Kalamazoo KGN-12 Flat Top - 14 fret neck Guitars

1940 Gibson Kalamazoo KGN-12 Flat Top - 14 fret neck

Color: Natural, Rating: 9.25, Sold (ID# 01601)
Call to Inquire: (818) 222-4113


A Stunning Finger Style / Slide Blues Picker Based on the Gibson L-00 Body.


1940 Gibson Kalamazoo KGN-12 Flat Top - 14 fret neck.


This 14 3/4-inch wide, 4 3/8 inch deep, natural "Dreadnaught family" lightly arched-top, "flat-back" guitar weighs just 3.50 lbs. Two-piece, slightly arched Adirondack spruce top with 'ladder' bracing and 4 1/4 inch diameter sound hole edged in white. One-piece 'flamed' maple veneered back and flamed solid maple sides. The top and back are single-bound with 'faux' tortoiseshell. One-piece mahogany neck with a nut width of just over 1 11/16 inches, a wonderful fat profile and a scale length of 25 inches. Brazilian rosewood fretboard with 19 original thin frets (neck joins the body at the 14th fret) and pearl dot position markers and white dot side markers. Headstock with white screened "Kalamazoo" logo. Three-in-a-line Kluson open-back 'strip' tuners with oval black plastic buttons. Original specific shaped 'fire-striped' celluloid pickguard glued to top. 'Compensated' bone bridge on mahogany base with two circular pearl inlays and six black string pins. Serial number "3220G" stamped in black on end of neck inside body and beneath that "18" written in red pencil. This is an all original example with a very little wear to the original frets and a just few surface marks/abrasions on the body due to over seventy years of playing. The action at the 12th fret is a little high at 3/16 inch but the guitar is still very comfortable to play. Overall this wonderful little KGN-12 'mean blues machine' is in near mint (9.25) condition. Housed in a later three-latch, shaped black hardshell case with black plush lining (9.00).

Just 1,708 KGN-12s were produced between 1939 and 1940.

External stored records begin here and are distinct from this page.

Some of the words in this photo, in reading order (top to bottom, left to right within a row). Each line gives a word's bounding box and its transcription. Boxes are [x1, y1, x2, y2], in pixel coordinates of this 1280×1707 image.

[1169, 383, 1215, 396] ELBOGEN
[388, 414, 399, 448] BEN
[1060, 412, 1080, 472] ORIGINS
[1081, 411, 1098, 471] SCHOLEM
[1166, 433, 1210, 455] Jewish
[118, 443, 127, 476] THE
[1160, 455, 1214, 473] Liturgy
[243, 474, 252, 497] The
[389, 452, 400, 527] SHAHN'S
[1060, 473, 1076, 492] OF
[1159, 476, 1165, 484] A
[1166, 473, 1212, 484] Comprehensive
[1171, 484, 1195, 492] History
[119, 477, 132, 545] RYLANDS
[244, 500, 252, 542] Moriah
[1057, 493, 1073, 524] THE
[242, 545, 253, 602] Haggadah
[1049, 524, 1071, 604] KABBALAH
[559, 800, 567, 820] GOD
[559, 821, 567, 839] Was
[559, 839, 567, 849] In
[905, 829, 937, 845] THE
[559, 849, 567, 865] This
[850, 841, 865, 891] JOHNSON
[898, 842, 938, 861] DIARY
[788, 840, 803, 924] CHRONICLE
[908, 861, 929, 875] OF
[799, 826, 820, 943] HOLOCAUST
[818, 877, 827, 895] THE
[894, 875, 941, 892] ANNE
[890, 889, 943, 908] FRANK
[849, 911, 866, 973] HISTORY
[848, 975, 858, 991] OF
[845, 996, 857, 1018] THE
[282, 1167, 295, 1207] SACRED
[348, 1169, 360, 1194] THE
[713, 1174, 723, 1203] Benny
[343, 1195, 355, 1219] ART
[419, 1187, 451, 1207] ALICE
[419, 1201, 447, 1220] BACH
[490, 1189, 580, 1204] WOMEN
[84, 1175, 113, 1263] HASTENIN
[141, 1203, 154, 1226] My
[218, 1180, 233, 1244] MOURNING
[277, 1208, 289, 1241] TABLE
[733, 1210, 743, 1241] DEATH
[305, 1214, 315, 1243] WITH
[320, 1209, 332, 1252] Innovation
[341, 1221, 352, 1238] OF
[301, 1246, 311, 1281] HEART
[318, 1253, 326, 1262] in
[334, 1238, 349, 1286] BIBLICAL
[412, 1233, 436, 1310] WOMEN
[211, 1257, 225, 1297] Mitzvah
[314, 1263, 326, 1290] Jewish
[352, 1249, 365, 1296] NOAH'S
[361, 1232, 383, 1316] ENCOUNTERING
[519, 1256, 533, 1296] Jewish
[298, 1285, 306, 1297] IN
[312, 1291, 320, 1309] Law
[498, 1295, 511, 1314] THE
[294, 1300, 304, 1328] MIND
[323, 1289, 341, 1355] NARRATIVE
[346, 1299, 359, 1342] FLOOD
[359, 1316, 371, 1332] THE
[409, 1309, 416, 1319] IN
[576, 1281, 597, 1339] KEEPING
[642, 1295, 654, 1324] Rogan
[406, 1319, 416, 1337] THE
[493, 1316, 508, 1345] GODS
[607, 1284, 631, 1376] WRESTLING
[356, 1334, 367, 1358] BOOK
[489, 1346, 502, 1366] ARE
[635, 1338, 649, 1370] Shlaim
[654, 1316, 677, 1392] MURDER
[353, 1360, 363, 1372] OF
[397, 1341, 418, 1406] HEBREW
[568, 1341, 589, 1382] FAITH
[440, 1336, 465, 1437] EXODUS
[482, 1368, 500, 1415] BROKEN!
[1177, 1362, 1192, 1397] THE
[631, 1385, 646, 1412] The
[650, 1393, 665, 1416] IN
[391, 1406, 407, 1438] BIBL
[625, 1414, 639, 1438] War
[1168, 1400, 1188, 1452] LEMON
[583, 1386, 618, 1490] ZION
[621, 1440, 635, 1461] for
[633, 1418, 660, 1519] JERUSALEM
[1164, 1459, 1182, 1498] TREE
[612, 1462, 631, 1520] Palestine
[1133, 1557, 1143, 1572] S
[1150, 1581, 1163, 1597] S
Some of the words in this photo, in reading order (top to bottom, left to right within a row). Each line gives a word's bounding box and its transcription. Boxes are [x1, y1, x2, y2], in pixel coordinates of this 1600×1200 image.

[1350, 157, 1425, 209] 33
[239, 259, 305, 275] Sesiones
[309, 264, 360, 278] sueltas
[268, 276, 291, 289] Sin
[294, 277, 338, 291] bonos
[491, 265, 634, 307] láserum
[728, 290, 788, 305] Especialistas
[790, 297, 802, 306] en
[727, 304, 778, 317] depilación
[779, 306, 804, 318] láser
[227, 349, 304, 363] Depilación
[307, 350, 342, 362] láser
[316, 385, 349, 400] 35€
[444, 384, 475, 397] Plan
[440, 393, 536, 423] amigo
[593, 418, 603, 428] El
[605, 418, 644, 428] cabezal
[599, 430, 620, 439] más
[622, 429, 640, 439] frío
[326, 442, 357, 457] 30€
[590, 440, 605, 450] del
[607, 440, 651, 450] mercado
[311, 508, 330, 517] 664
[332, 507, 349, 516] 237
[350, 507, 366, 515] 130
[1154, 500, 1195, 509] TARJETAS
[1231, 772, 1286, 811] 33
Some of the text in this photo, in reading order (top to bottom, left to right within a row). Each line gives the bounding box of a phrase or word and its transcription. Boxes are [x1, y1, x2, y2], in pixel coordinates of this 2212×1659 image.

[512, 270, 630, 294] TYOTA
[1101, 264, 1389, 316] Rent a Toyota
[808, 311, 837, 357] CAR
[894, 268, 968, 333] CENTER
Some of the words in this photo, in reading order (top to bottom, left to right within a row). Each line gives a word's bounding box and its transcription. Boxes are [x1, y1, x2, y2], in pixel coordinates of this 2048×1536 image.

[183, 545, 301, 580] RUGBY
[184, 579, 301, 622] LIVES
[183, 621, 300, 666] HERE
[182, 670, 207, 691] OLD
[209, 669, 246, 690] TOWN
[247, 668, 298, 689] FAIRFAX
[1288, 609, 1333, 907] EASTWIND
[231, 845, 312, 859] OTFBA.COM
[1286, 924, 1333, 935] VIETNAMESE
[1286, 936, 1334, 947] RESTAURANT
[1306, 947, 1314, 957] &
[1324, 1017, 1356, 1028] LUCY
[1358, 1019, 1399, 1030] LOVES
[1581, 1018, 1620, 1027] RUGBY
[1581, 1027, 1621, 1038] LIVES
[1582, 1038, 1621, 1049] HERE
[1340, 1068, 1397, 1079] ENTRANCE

"In the late 1930s, the Gibson guitar company decided to offer their own entry level guitars. While similar to models built for other distributors (Cromwell, Fascinator, or Capital) in construction, the Kalamazoo line was originally only offered for about five years. Models included flattop and archtop acoustics, lap steels (and amps), and mandolins. Pre-war Kalamazoo instruments, like other Gibson budget instruments, do not have an adjustable truss rod (a key difference), have different construction techniques, and have no identifying Gibson logo." (Zachary Fjested. The Blue Book of Acoustic Guitars. Eleventh edition p.363).

"The Kalamazoo brand of instruments would turn out to be the most successful of Gibson's in-house budget brand, manufacturing guitars, banjos, mandolins, mandolas, mando-cellos, mando-basses and the entire violin family of instruments from 1933 - 1942." (Paul Fox. The Other Brands of Gibson, p. 19).